The majority also bases its decision on considerations of public policy, which purportedly mandate absolute immunity for police officers sued under § 1983 for their testimony as witnesses. Ante at 460 U. S. 341-345. This Court has recognized absolute immunity only in “exceptional situations” where public policy makes it “essential.” Butz v. Economou, 438 U. S. 478, 438 U. S. 507 (1978). [Footnote 2/33] In my view, the case for official witness immunity falls far short of this standard.

Page 460 U. S. 365

Police officers and other government officials differ significantly from private citizens, around whom common law doctrines of witness immunity developed. A police officer comes to the witness stand clothed with the authority of the State. His official status gives him credibility, and creates a far greater potential for harm than exists when the average citizen testifies. [Footnote 2/34] The situation is aggravated when the official draws on special expertise. A policeman testifying about a fingerprint identification or a medical examiner testifying as to the cause of a death can have a critical impact on a defendant’s trial. [Footnote 2/35] At the same time, the threat of a criminal perjury prosecution, which serves as an important constraint on the average witness’ testimony, is virtually nonexistent in the police witness context. Despite the apparent prevalence of police perjury, [Footnote 2/36] prosecutors exhibit extreme

Page 460 U. S. 366

reluctance in charging police officials with criminal conduct because of their need to maintain close working relationships with law enforcement agencies. [Footnote 2/37] The majority thus forecloses a civil sanction in precisely those situations where the need is most pressing.
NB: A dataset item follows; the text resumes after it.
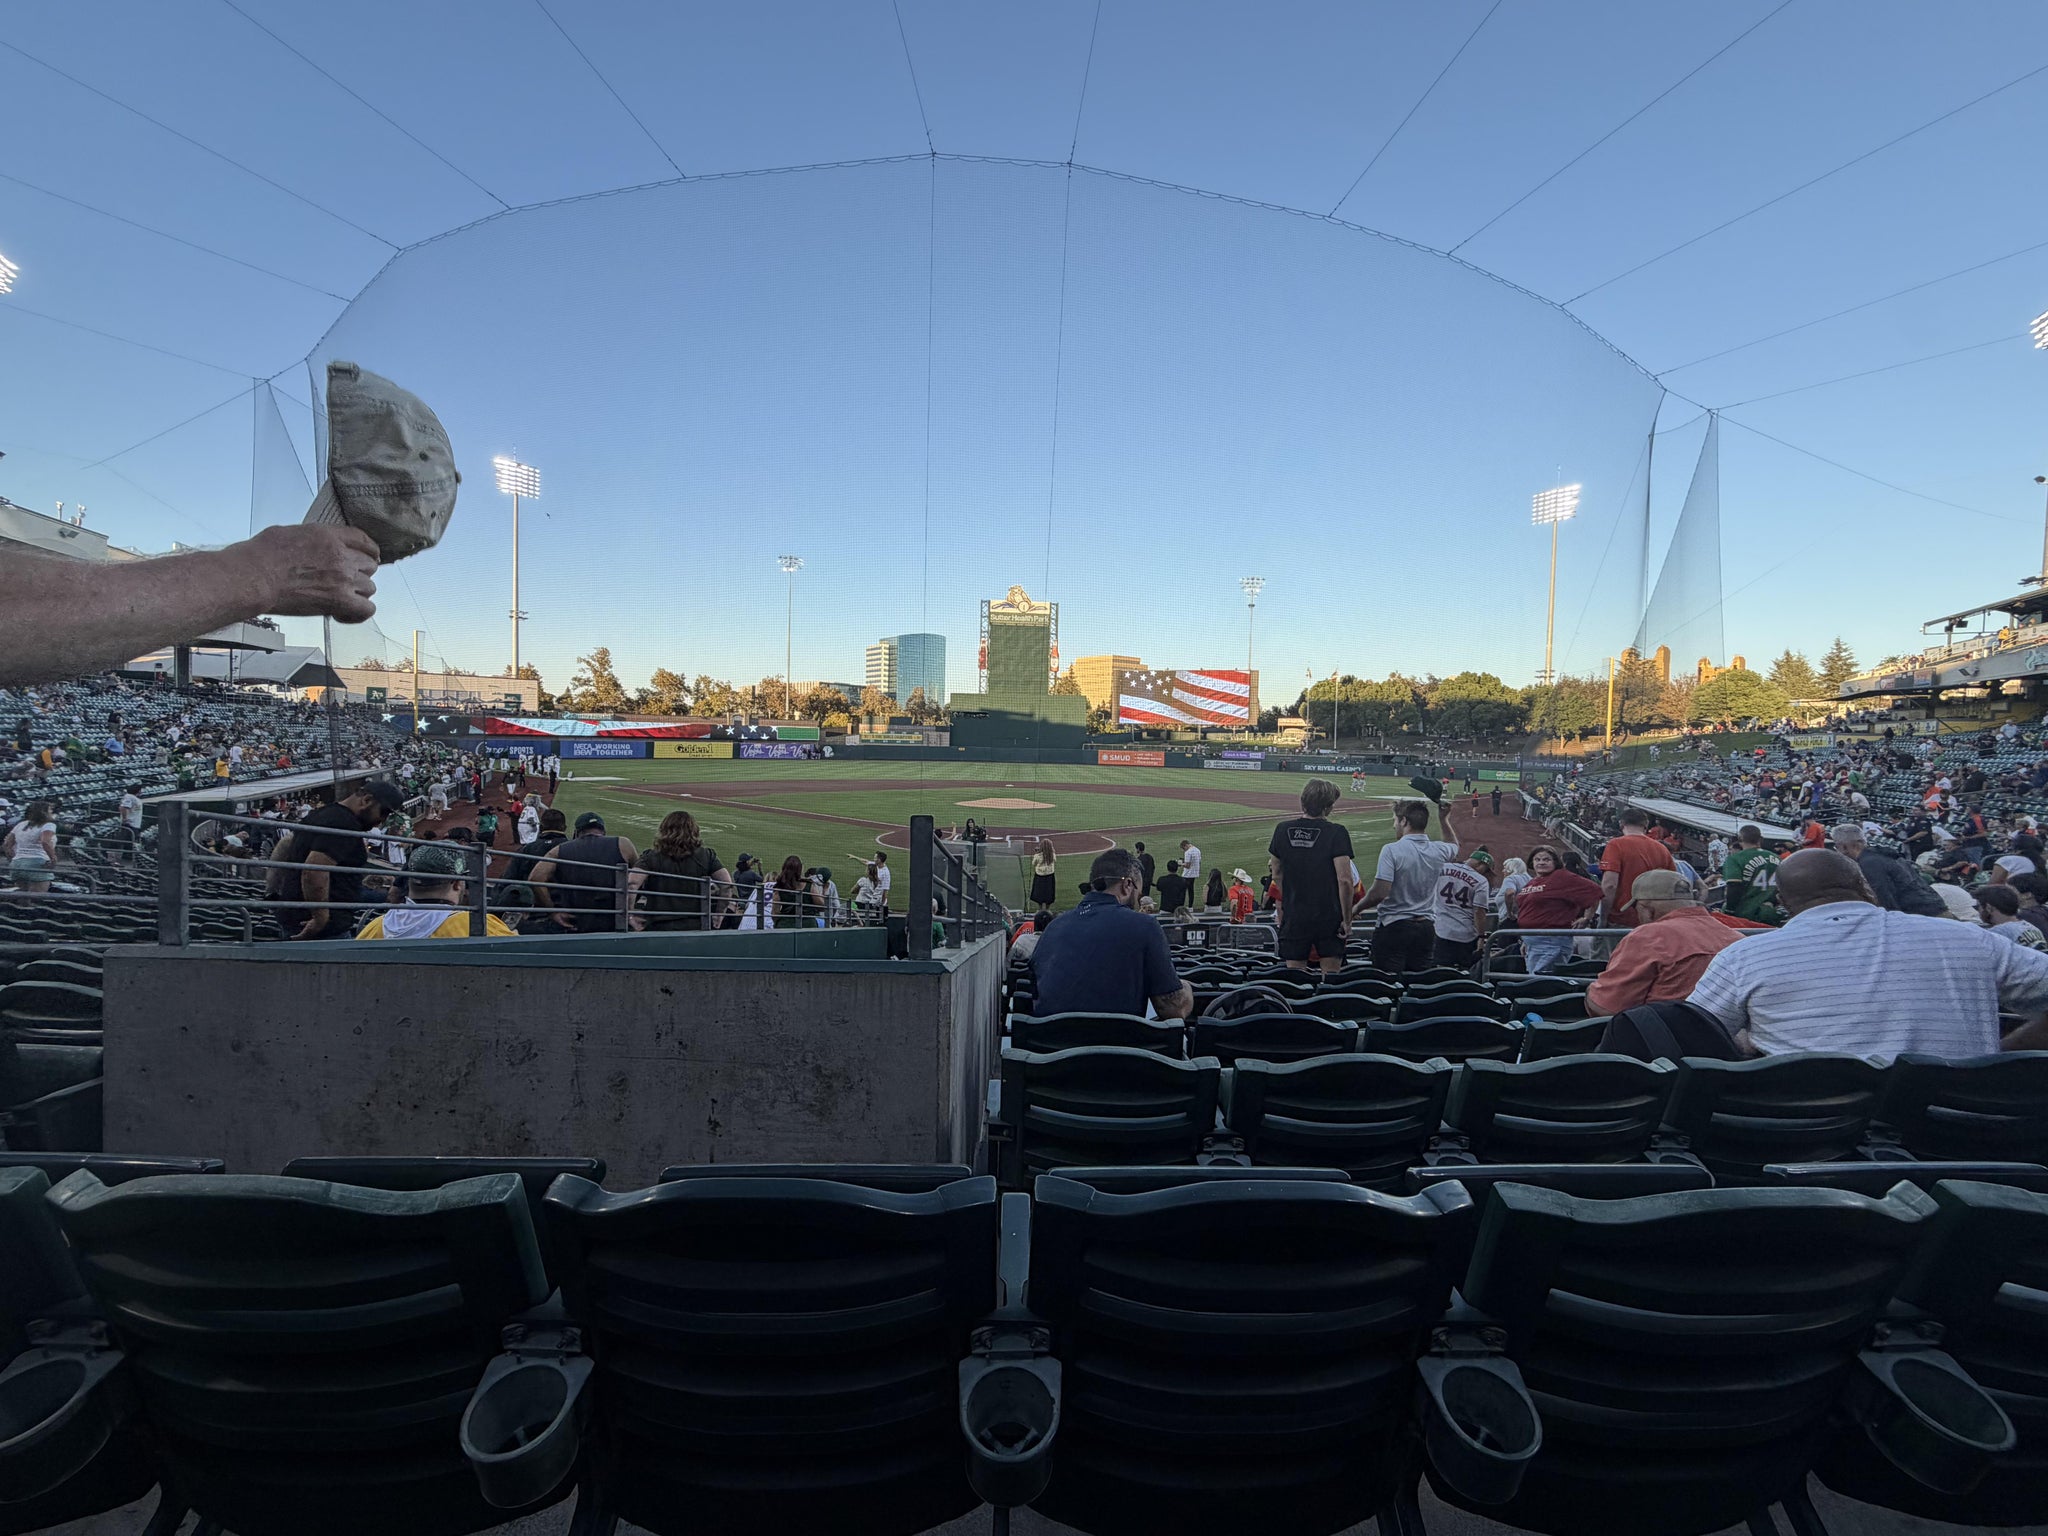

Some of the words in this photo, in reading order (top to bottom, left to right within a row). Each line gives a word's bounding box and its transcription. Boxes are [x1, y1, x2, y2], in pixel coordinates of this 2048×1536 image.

[1011, 614, 1033, 622] Health
[509, 746, 534, 755] SPORTS
[674, 744, 707, 753] Golden
[1440, 881, 1470, 908] 44
Moreover, the danger that official witnesses would be inhibited in testifying by the fear of a damages action is much more remote than would be the case with private witnesses. Policemen normally have a duty to testify about matters involving their official conduct. The notion that officials with a professional interest in securing criminal convictions would shade their testimony in favor of a defendant to avoid the risk of a civil suit can only be viewed with skepticism. In addition, police officials are usually insulated from any economic hardship associated with lawsuits based on conduct within the scope of their authority. [Footnote 2/38] In any event, if the Court truly desires to give police officers “every encouragement to make a full disclosure of all pertinent information within their knowledge,'” ante at 460 U. S. 335 (quoting Imbler v. Pachtman, 424 U.S. at 424 U. S. 439 (WHITE, J., concurring in judgment)), then, at the very least, it should permit § 1983 suits which allege that officials withheld key information while testifying. [Footnote 2/39]

Page 460 U. S. 367

The majority’s primary concern appears to be that § 1983 suits against police witnesses would impose “significant burdens on the judicial system and on law enforcement resources.” Ante at 460 U. S. 343. As an empirical matter, this contention is unfounded. Both the Sixth Circuit and the District of Columbia Circuit have permitted such suits for over five years, see ante at 460 U. S. 328-329, n. 4, but there is no perceptible drain on legal resources in those Circuits compared to other Circuits that bar such lawsuits. Moreover, a comprehensive study of § 1983 suits filed in the Central District of California, which includes Los Angeles, indicates that only about 30 actions for false arrest were filed annually in that District. [Footnote 2/40] Police officers arrest much more frequently than they testify, and an arrest will undoubtedly make many individuals disgruntled. Yet lawsuits based on such allegations constituted only 0.5% of all cases filed in the Central District, [Footnote 2/41] or an average of only one for every 243 full-time police

Page 460 U. S. 368

officers in the city of Los Angeles. [Footnote 2/42] This does not appear to be a “significant burden.” [Footnote 2/43] The simple fact is that practical obstacles alone are enough to deter most individuals from suing the police for official misconduct. [Footnote 2/44]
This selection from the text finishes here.